Phrase grounding data
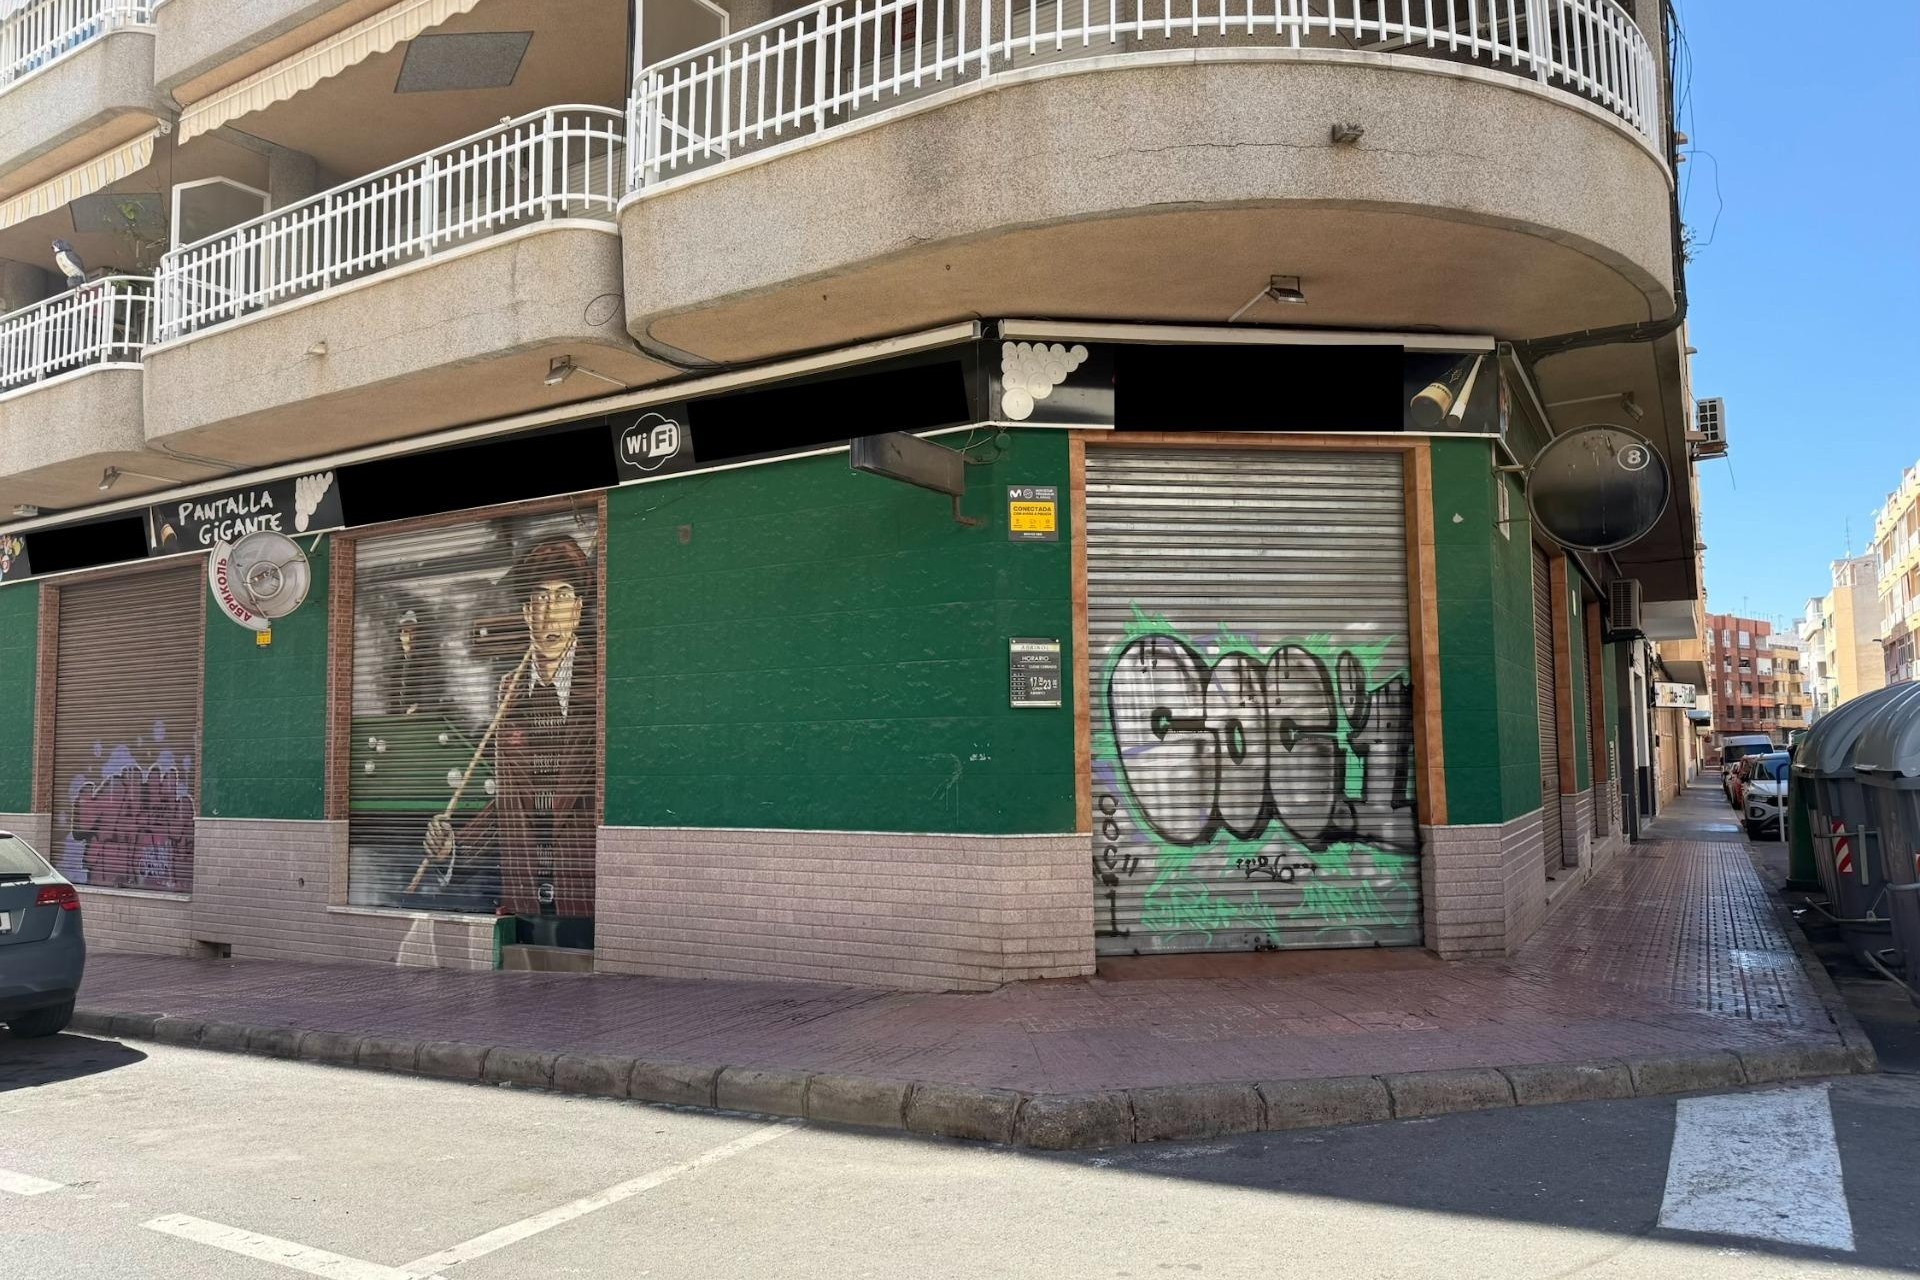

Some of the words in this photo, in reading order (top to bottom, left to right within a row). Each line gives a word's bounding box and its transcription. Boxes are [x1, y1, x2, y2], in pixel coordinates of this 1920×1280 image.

[1627, 449, 1642, 464] 8
[179, 490, 274, 526] PANTALLA
[217, 558, 253, 622] АБРИКОЛЬ
[1030, 676, 1038, 687] 17
[1043, 679, 1052, 690] 23
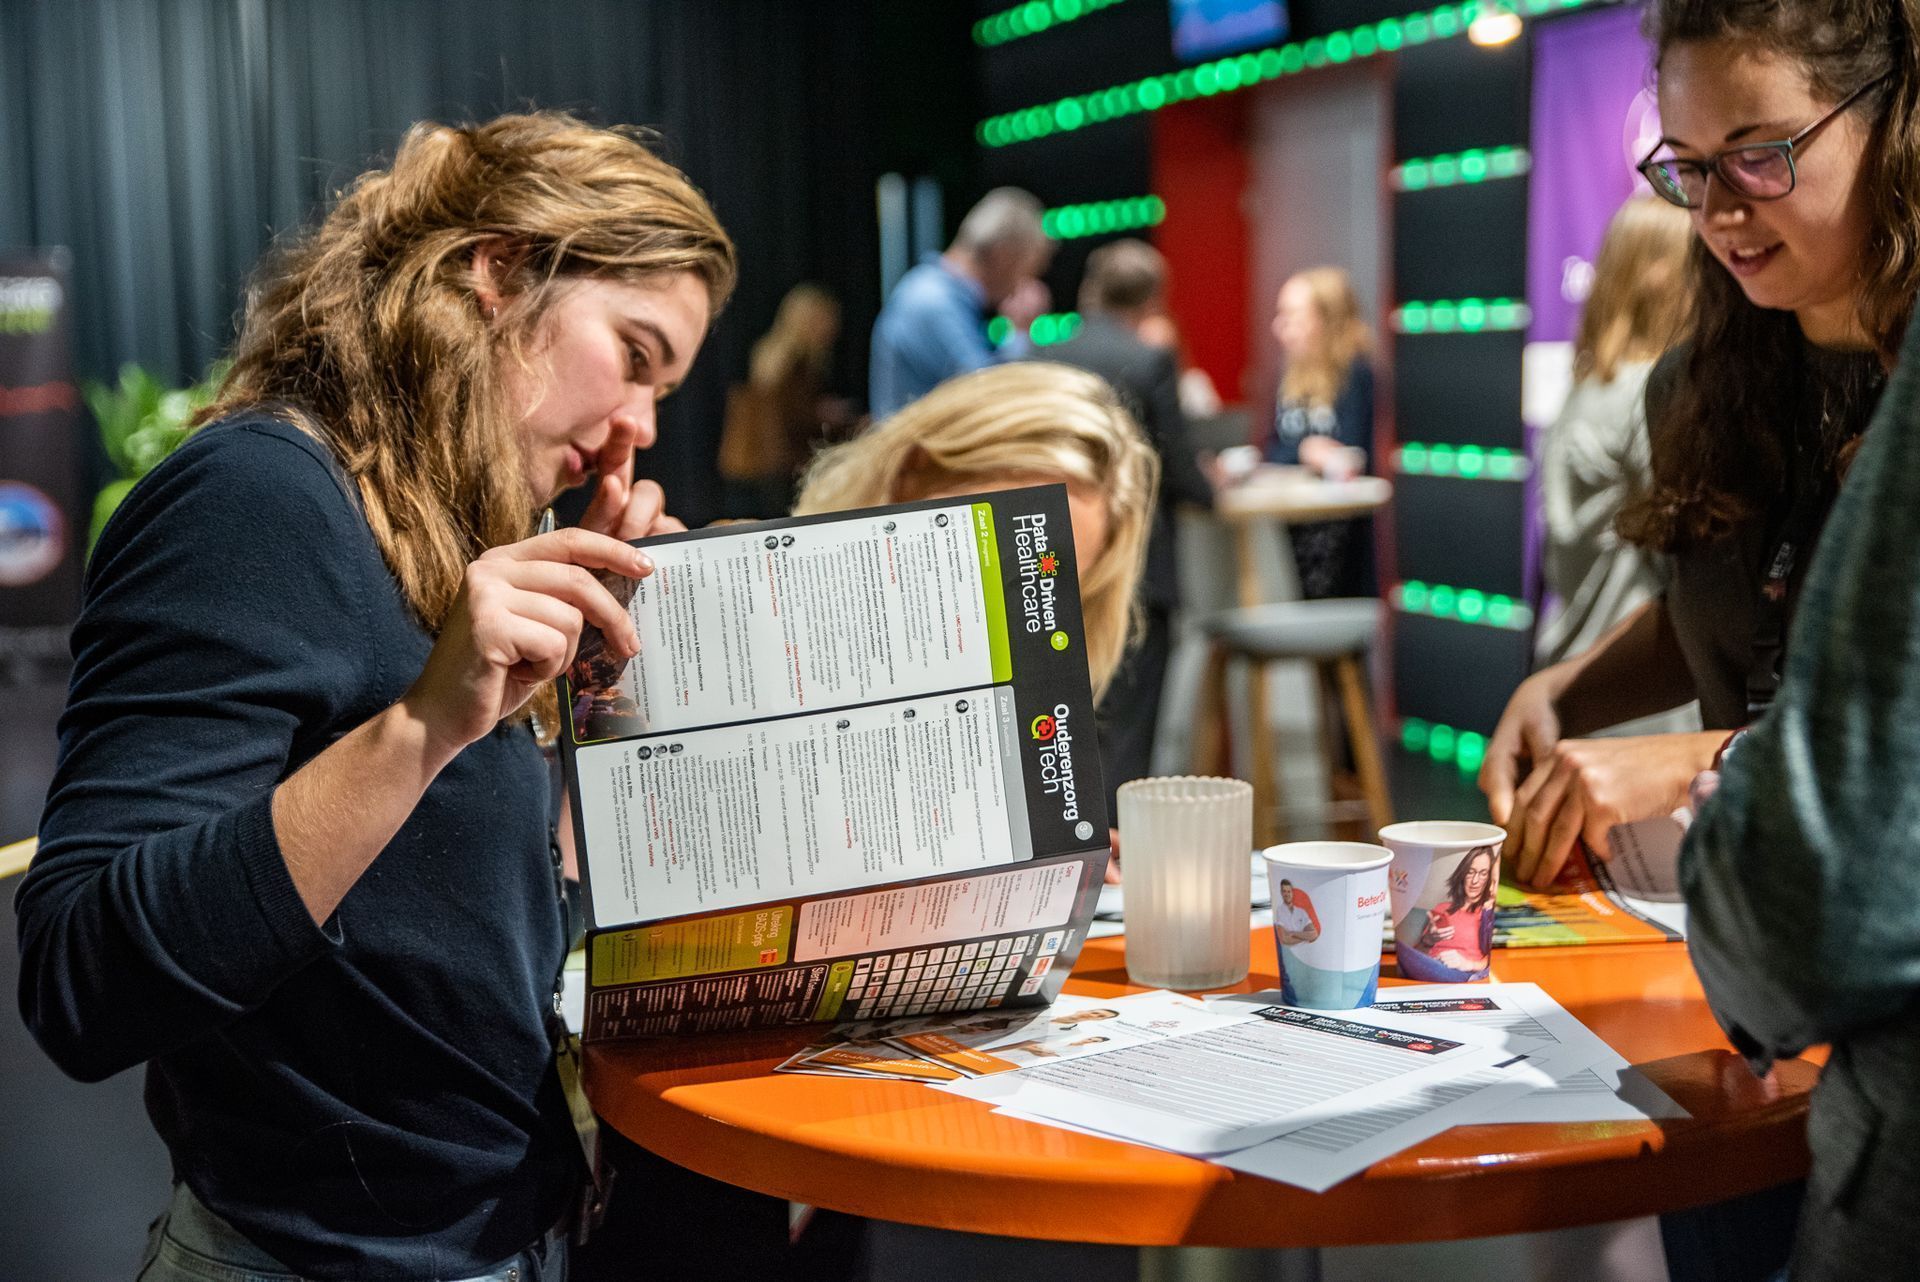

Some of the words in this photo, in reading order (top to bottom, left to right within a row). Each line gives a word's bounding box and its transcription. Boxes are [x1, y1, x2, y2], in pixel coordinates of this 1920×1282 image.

▶ **About this task**
Without the pictures, reproduce every record exactly as it appears above.

▶ **Solution to this task**
Some of the words in this photo, in reading order (top to bottom, left to right within a row). Each line gives a word's bounding box and its transcription. Boxes are [x1, y1, x2, y2], in pixel coordinates of this 1920×1280 image.

[1627, 449, 1642, 464] 8
[179, 490, 274, 526] PANTALLA
[217, 558, 253, 622] АБРИКОЛЬ
[1030, 676, 1038, 687] 17
[1043, 679, 1052, 690] 23

Some of the words in this photo, in reading order (top to bottom, left to right within a row). Each line gives a word's bounding box and its transcription. Boxes are [x1, y1, x2, y2], in pixel coordinates of this 1920×1282 image.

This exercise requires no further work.